### Excerpts from a dataset
+-------+
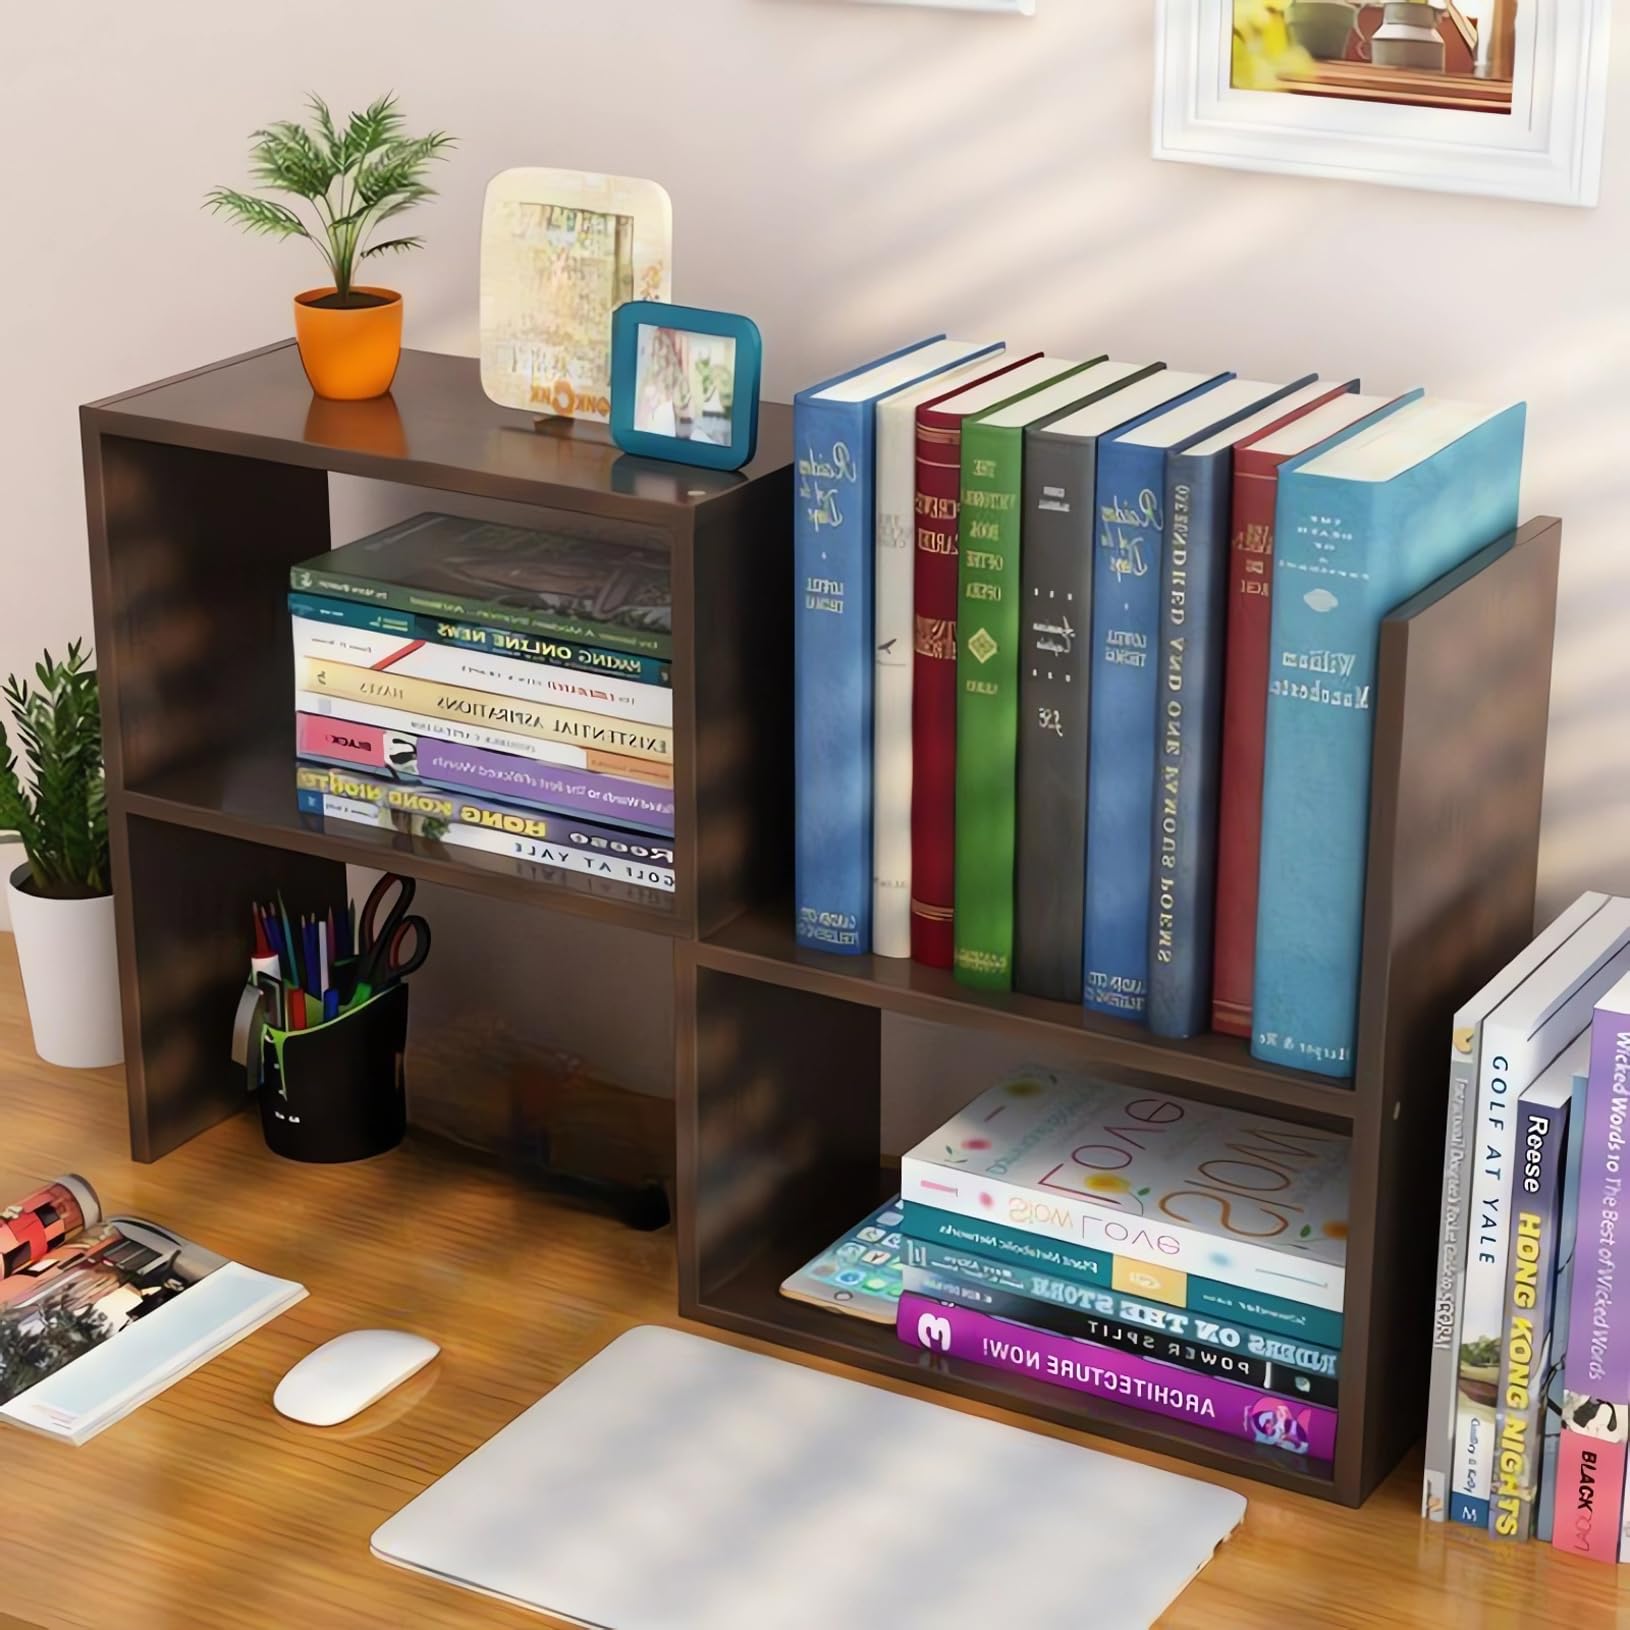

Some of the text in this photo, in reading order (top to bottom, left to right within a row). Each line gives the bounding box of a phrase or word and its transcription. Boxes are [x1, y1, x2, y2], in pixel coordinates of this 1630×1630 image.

[1607, 1096, 1628, 1151] Words
[1479, 1055, 1509, 1264] GOLF AT YALE
[1603, 1177, 1622, 1207] The
[1600, 1207, 1619, 1246] Best
[1514, 1212, 1542, 1309] HONG
[1597, 1247, 1615, 1270] of
[1593, 1269, 1614, 1328] Wicked
[1505, 1317, 1533, 1410] KONG
[1589, 1328, 1608, 1381] Words
[1495, 1415, 1528, 1537] NIGHTS
[1577, 1450, 1597, 1511] BLACK
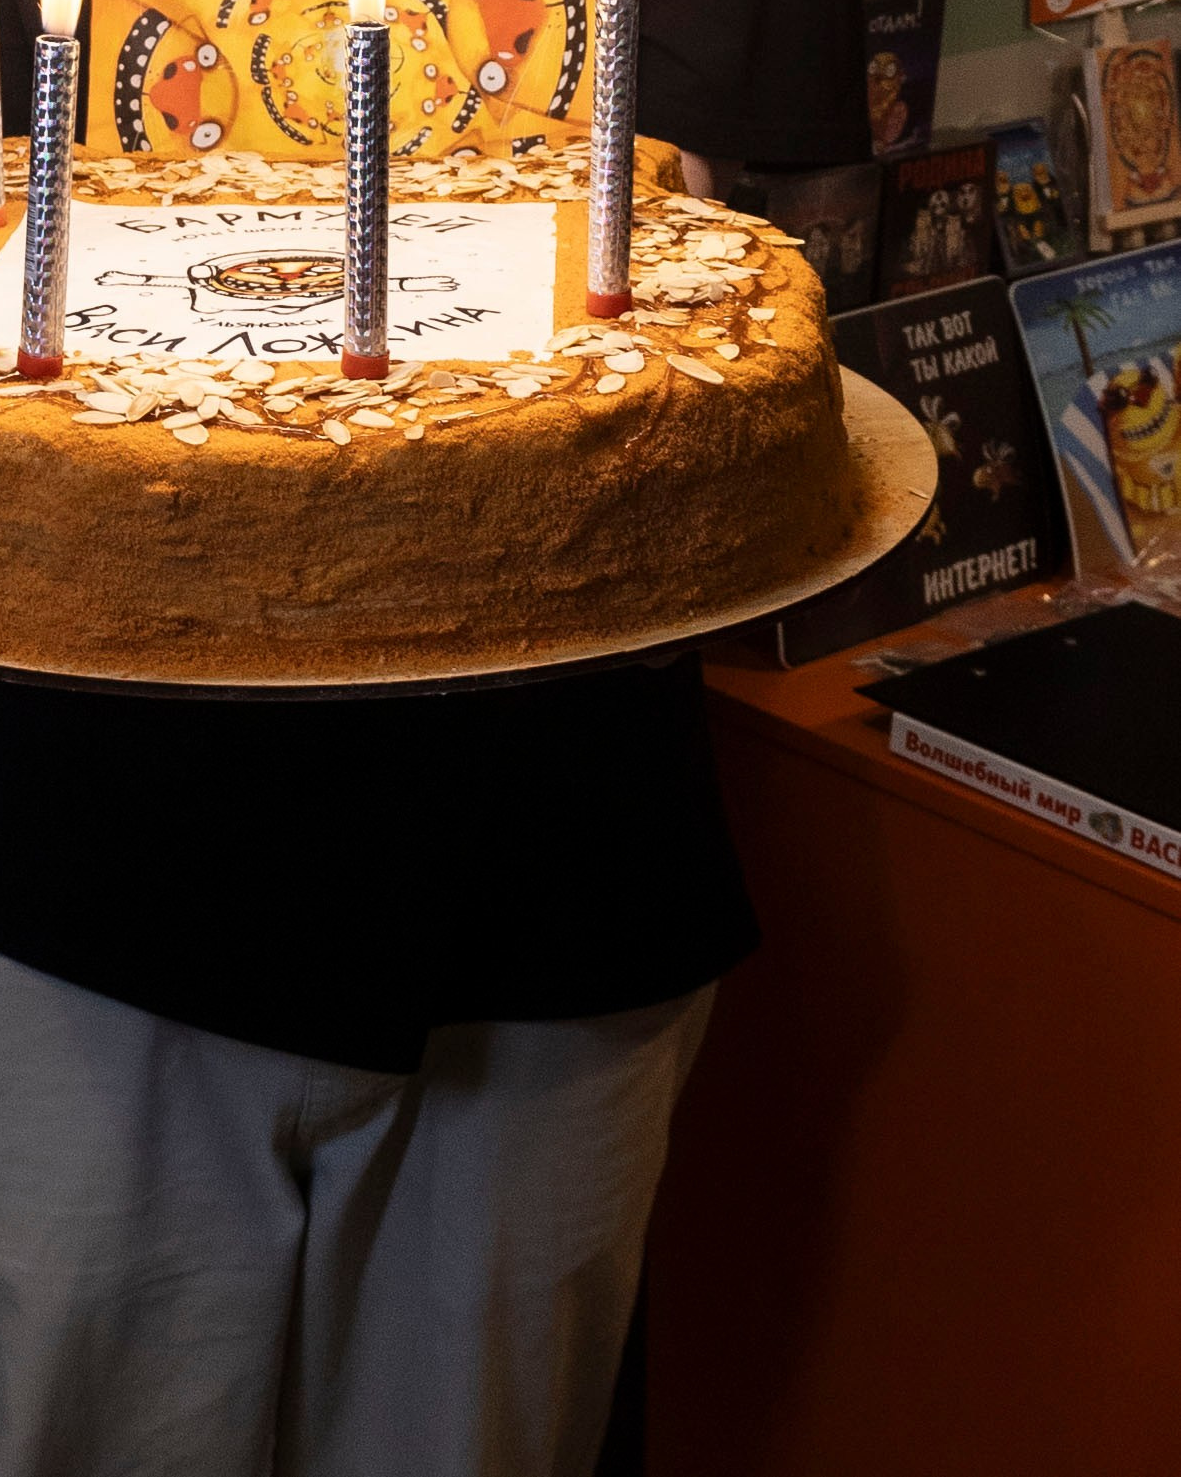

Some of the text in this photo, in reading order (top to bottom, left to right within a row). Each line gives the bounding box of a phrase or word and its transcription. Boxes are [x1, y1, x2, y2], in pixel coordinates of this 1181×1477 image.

[115, 209, 492, 234] БАРМУЕЙ
[207, 306, 501, 356] ЛОЖИНА
[902, 310, 973, 351] ТАК ВОТ
[909, 335, 999, 383] ТЫ КАКОЙ
[922, 537, 1038, 605] ИНТЕРНЕТ!
[905, 730, 1181, 867] Волшебный мир ВАС
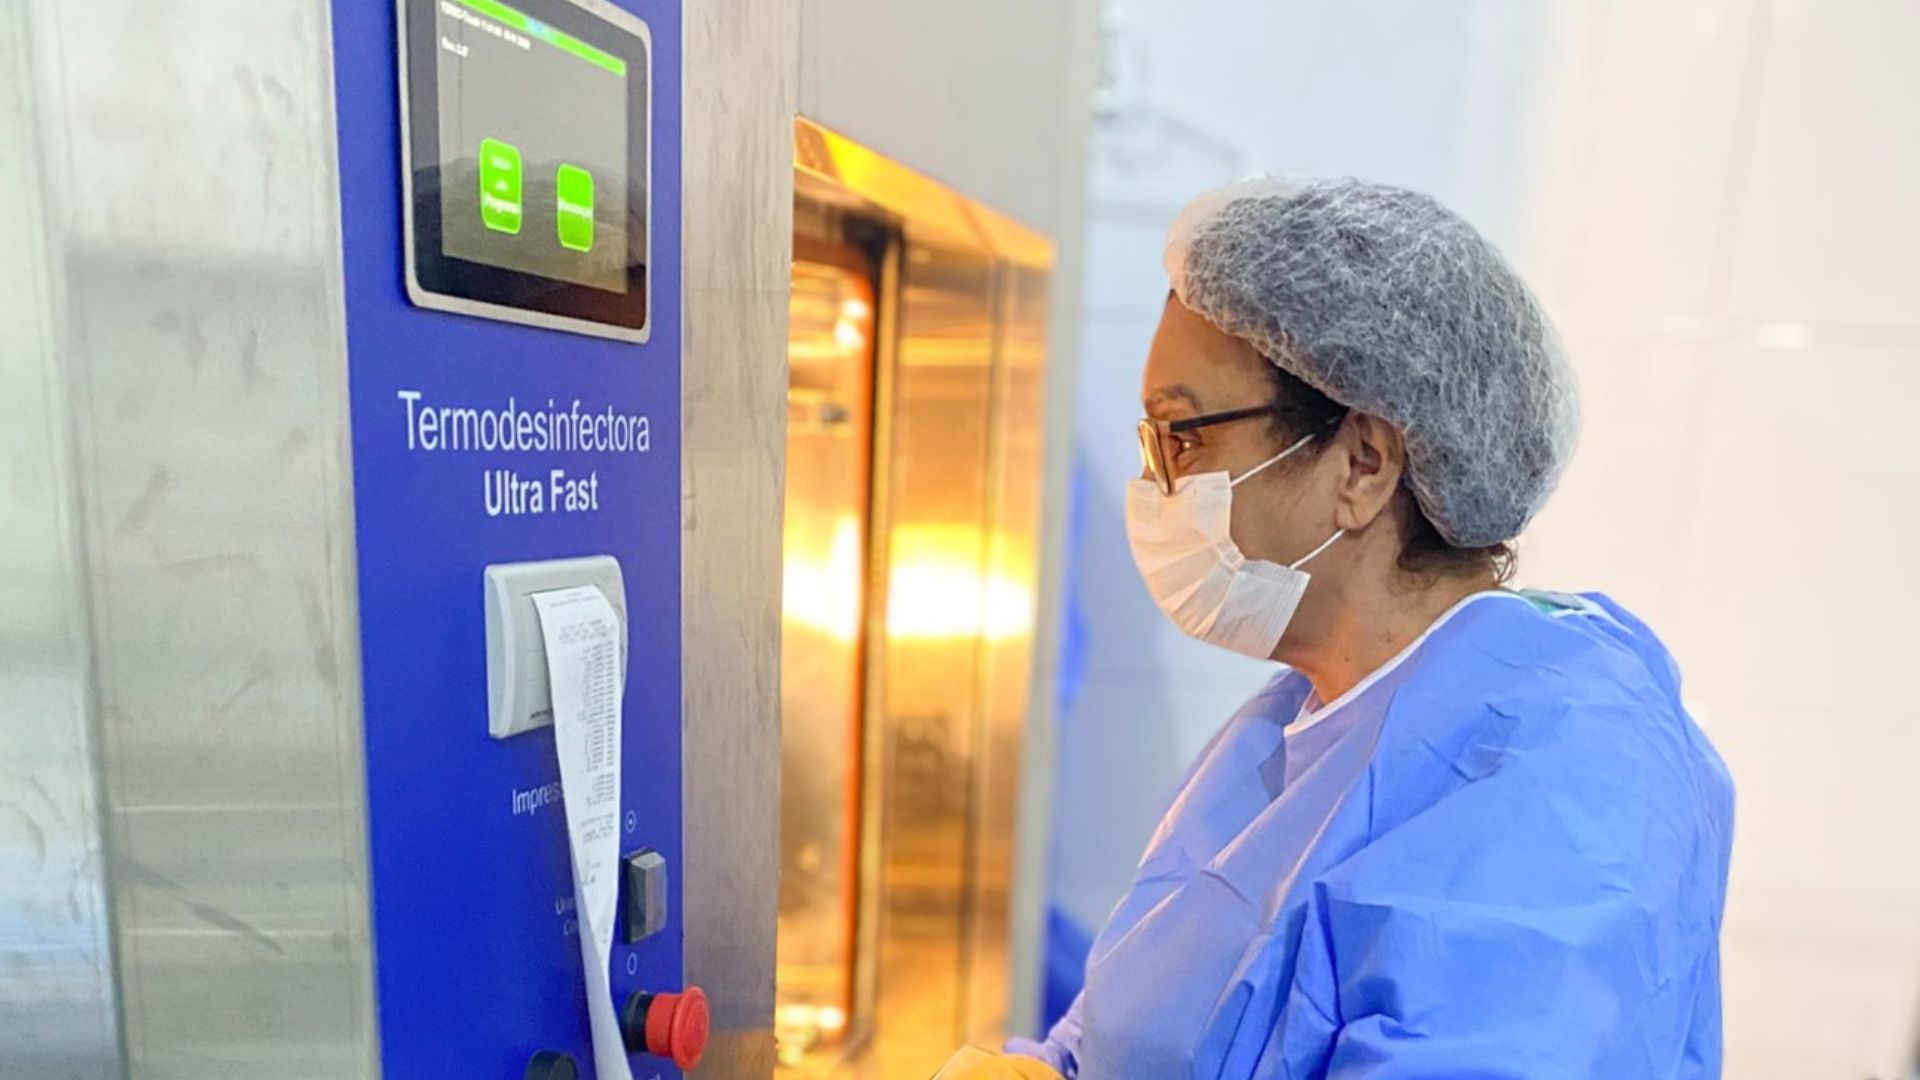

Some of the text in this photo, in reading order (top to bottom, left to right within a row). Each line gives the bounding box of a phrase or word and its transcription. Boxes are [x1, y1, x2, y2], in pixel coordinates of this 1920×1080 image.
+-------+
### The task
Write the records out again verbatim and omit the pictures they contain.

### Answer space
Some of the text in this photo, in reading order (top to bottom, left to right within a row). Each line gives the bounding box of a phrase or word and its transcription. Boxes are [x1, y1, x2, y2], in pixel coordinates of this 1630×1630 image.

[1607, 1096, 1628, 1151] Words
[1479, 1055, 1509, 1264] GOLF AT YALE
[1603, 1177, 1622, 1207] The
[1600, 1207, 1619, 1246] Best
[1514, 1212, 1542, 1309] HONG
[1597, 1247, 1615, 1270] of
[1593, 1269, 1614, 1328] Wicked
[1505, 1317, 1533, 1410] KONG
[1589, 1328, 1608, 1381] Words
[1495, 1415, 1528, 1537] NIGHTS
[1577, 1450, 1597, 1511] BLACK

Some of the text in this photo, in reading order (top to bottom, left to right within a row). Each line gives the bounding box of a phrase or word and its transcription. Boxes are [x1, y1, x2, y2], in pixel coordinates of this 1181×1477 image.

[115, 209, 492, 234] БАРМУЕЙ
[207, 306, 501, 356] ЛОЖИНА
[902, 310, 973, 351] ТАК ВОТ
[909, 335, 999, 383] ТЫ КАКОЙ
[922, 537, 1038, 605] ИНТЕРНЕТ!
[905, 730, 1181, 867] Волшебный мир ВАС

Some of the text in this photo, in reading order (top to bottom, left to right within a row). Each line gives the bounding box of a phrase or word and its transcription. Boxes are [x1, y1, x2, y2], in pixel coordinates of this 1920×1080 image.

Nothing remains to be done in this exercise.